Médicos e agentes de saúde foram mobilizados, inclusive com remuneração extra, para atuar em áreas distantes da região metropolitana de Lima oferecendo um “programa de saúde básica integral” (com ligadura de trompas compulsória) em troca de alimentos. Em algumas escolas públicas, como na Universidade Nacional de Tumbes, no norte do Peru, estudantes que cadastravam mulheres aptas à "Ação Cirúrgica Voluntária" eram premiados com três pontos percentuais na nota final do curso.
Aos 74 anos, Fujimori vive nos arredores de Lima, cumprindo pena de 25 anos por corrupção em uma prisão dos sonhos para mensaleiros condenados: 10 mil metros quadrados de área exclusiva, com cozinha equipada, nutricionista, sala de estar, biblioteca, estúdio de pintura e escultura, anfiteatro, gabinete médico, jardim, horta, sala para recepções e estacionamento com vagas demarcadas para visitas e militantes do seu partido, o principal do bloco oposicionista.
A reabertura dessa investigação, com o objetivo de responsabilizá-lo por por crimes contra a humanidade, representa também uma saia-justa para o governo dos Estados Unidos e para a Organização das Nações Unidas.
Os EUA foram os principais financiadores do programa de esterilizações em massa comandado por Fujimori. Fomentaram essa política com US$ 180 milhões, em valores de hoje. O patrocínio começou no governo do republicano George H. W. Bush, 70 anos - hospitalizado nesta semana aparentemente por causa de uma bronquite -, e prosseguiu na administração Bill Clinton, 66 anos. A ONU chancelou, via Fundo para a População que ironicamente fora criado para reduzir a pobreza e promover os direitos das mulheres e de minorias.
O respaldo financeiro dos EUA só foi suspenso em 1999, quando o senador Christopher H. Smith, 59 anos, republicano de Nova Jersey, recebeu farta documentação do Comitê da América Latina e Caribe para Defesa dos Direitos da Mulher, e percebeu a dimensão da enrascada em que Washington se metera: contribuintes americanos estavam financiando uma ditadura civil que adotava um sistema de controle populacional compulsório, com o objetivo de eliminar a pobreza. Na essência, uma forma de genocídio.

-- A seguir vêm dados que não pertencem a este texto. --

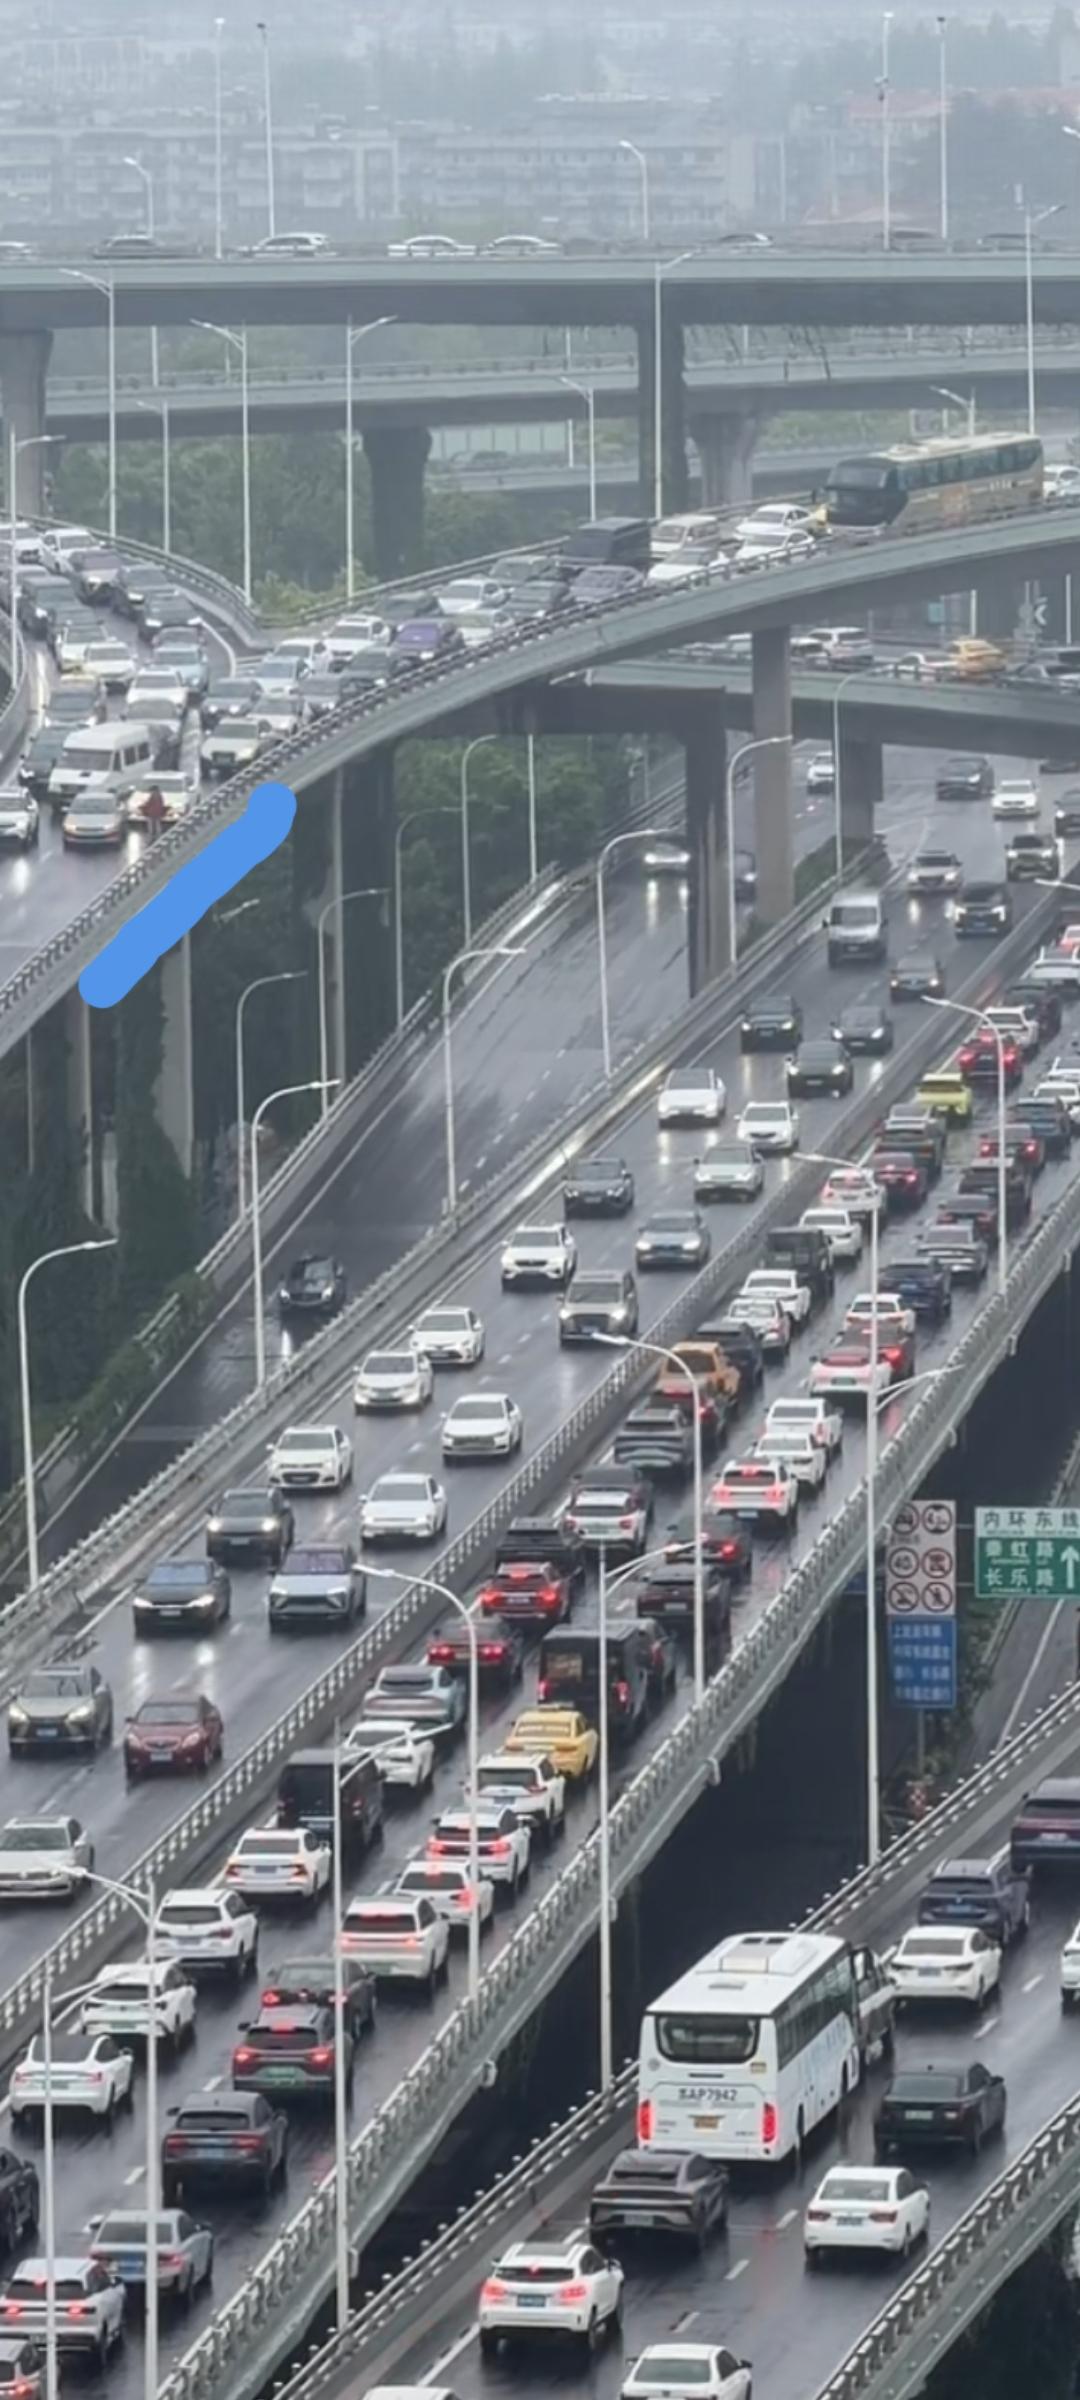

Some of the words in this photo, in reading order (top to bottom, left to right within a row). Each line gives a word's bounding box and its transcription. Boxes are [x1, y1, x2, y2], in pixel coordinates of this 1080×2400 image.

[984, 1510, 1079, 1529] 内环东线
[984, 1567, 1054, 1587] 长乐路

Smith mobilizou o Congresso, garantiu apoio da bancada democrata e as remessas de recursos ao programa peruano foram excluídas do orçamento, já no segundo mandato de Clinton. Na época o senador lembrou que os EUA não eram "imunes a esse sistema" de eliminação de pobres, evocando episódio ainda recente na memória americana: o caso Cyanamid.
Em 1978, o grupo American Cyanamid instituiu uma "política de proteção fetal" para trabalhadoras em idade fértil. Anunciou que quem quisesse manter o emprego no Departamento de Pigmentos de Chumbo, onde pagava mais que em outras áreas, deveria se submeter a um processo de esterilização oferecido pela empresa. A escolha das trabalhadoras era perder renda ou continuar ali, mas ficar estéril pelo resto da vida depois de um procedimento cirúrgico, pago pela empresa. Cinco mulheres foram vítimas. Em 1991, a Corte Suprema condenou a Cyanamid por violação dos direitos civis, proibindo ações do gênero.
A catarse de indignação que a Cyanamid provocou acabou perpetuada pelo cérebro e mãos de um jovem artista plástico, Hans Haackee, ativista que em 1969 liderou um internacional boicote à Bienal de São Paulo, em protesto contra a ditadura militar brasileira.
Mordaz e ferino, Haacke produziu um anúncio: “American Cyanamid …Onde as mulheres têm uma escolha”. A obra pode ser vista na fascinante exposição que o museu Metropolitan mantém até 31 de dezembro sobre o efeito Andy Warhol nas artes no último meio século. São 50 quadros e objetos de Warhol e de outros 59 artistas, entre eles o brasileiro Vick Muniz.